Hace 47 millones de años, una hoja ovalada se elevaba del suelo y echaba a andar en la cueva de Messel (Alemania). El tatarabuelo de los actuales insectos hoja, cuyo fósil salió a la luz en 2005, ya se servía de una útil estrategia de supervivencia: adoptar un aspecto similar al de las plantas cercanas para poder ver (presas) sin ser visto (por depredadores).
Sus descendientes pueblan hoy las zonas tropicales del planeta sin modificar apenas el aspecto del ancestro, que acompañan de un contoneo al andar similar al bamboleo de una hoja mecida por el viento.
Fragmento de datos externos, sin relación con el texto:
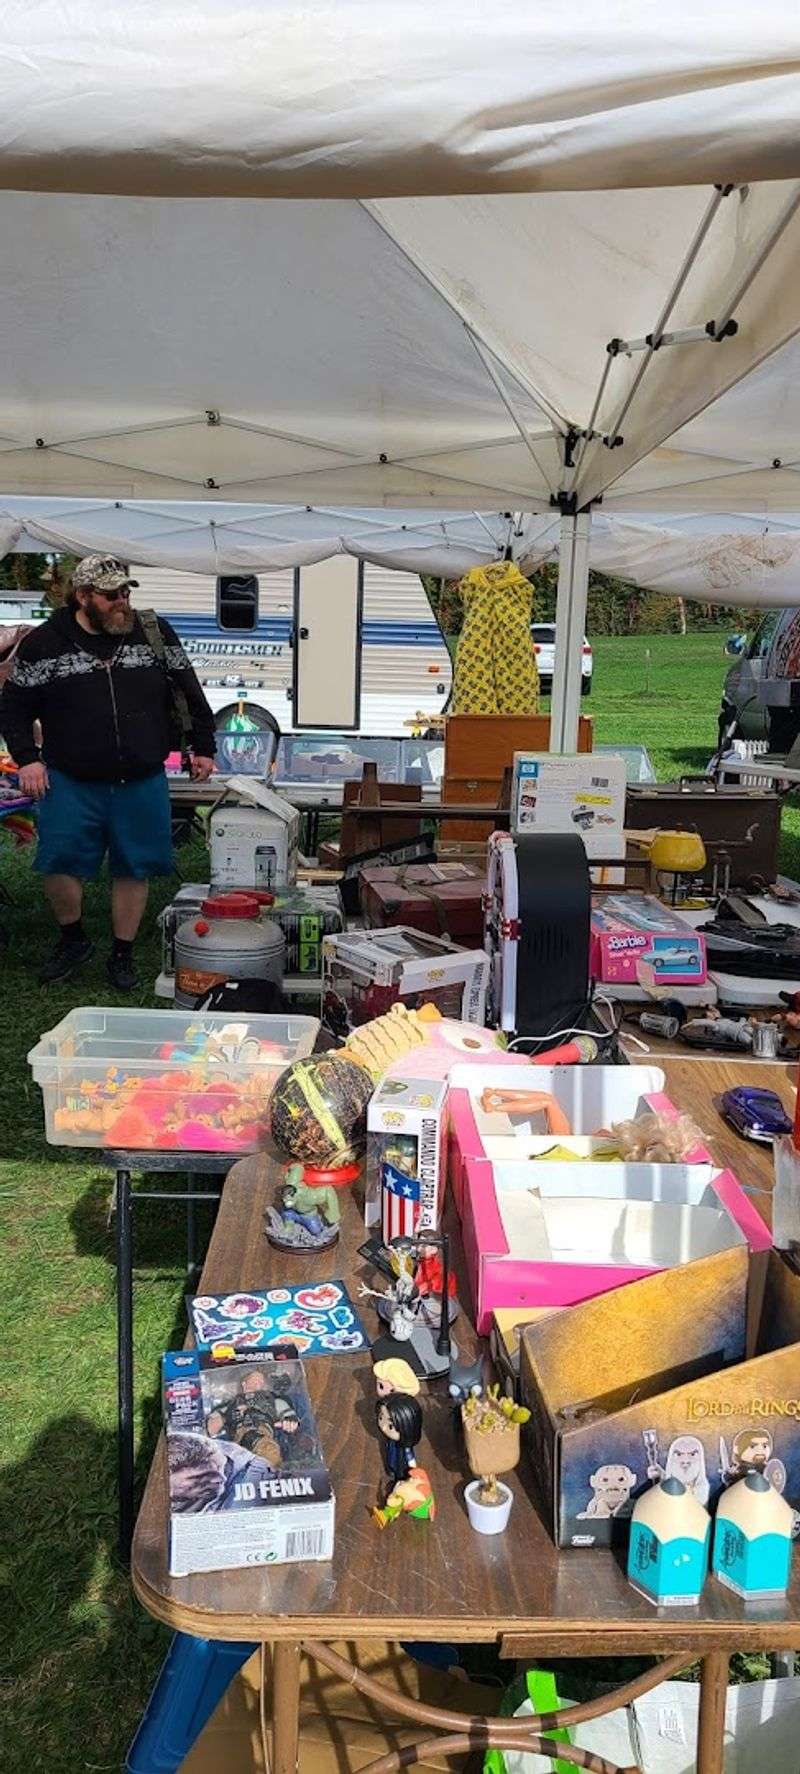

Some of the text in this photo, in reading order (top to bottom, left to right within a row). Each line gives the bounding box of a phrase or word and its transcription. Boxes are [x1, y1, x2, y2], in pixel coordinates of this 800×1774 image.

[608, 935, 648, 951] Barbie
[686, 1398, 733, 1422] LORD
[233, 1477, 315, 1501] JD FENIX
La naturaleza ha conservado el truco del camuflaje porque “resulta especialmente ventajoso en las especies pequeñas, lentas y carentes de armas defensivas”, argumenta Javier de Miguel, profesor de Zoología en la Universidad Autónoma de Madrid.
Mientras algunos exhiben una piel o pelaje con el estampado más habitual de su entorno, el dibujo de otros consigue distorsionar visualmente los límites de su cuerpo, para difuminar el contraste con el decorado de su hábitat. Incluso algunos poseen un vestuario variable capaz de adaptarse a, por ejemplo, distintas tonalidades de líquenes y follaje. Los más rápidos en pasar de una apariencia a otra son los cefalópodos, como los pulpos y las sepias, aunque en estos casos “la coloración puede tener también una función comunicativa, que les sirve para cortejar y para indicar estados de ánimo”, puntualiza de Miguel.
Pero el mundo animal no apuesta todas las cartas al sentido de la vista. Las crías de ciervo y de alce nacen sin olor propio, para impregnarse de los del entorno y evitar que las rapaces cercanas las detecten por el olfato.
Aunque también hay especies que tienen que trabajar con empeño para ocultar un cuerpo demasiado notorio. El caracol Napeus barquini, autóctono de La Gomera, arranca fragmentos de líquenes de las rocas y va pegándolos con la boca a su concha hasta recubrirla con un disfraz cuyo grosor puede superar hasta cien veces al de esta.
Adaptarse o morir, literalmente, fue también la divisa de las mariposas del abedul (Biston betularia) que vivían en el (Reino Unido) cuando surgió la Revolución Industrial. Solo se había descrito una variedad blanca, pero en 1848 se avistaron en Manchester ejemplares negros, hasta entonces minoritarios e ignorados por la ciencia. En 1948, “el 95% de las mariposas del abedul eran de la variedad oscura”, relata de Miguel. La selección natural había actuado con premura, premiando a las que mejor se confundían con los paisajes ahora ennegrecidos por el hollín de las fábricas.
De la misma forma, los procesos evolutivos han llevado a muchos animales a imitar a otros para engañar a un tercero. Este fenómeno, llamado mimetismo, se aprecia por ejemplo en muchas especies distintas de mariposas con un diseño de alas muy similar. Si un ave prueba una y le resulta tóxica o le sabe mal, se cuidará mucho de intentar atrapar otra, lo que ahorra disgustos tanto a las víctimas como a sí misma.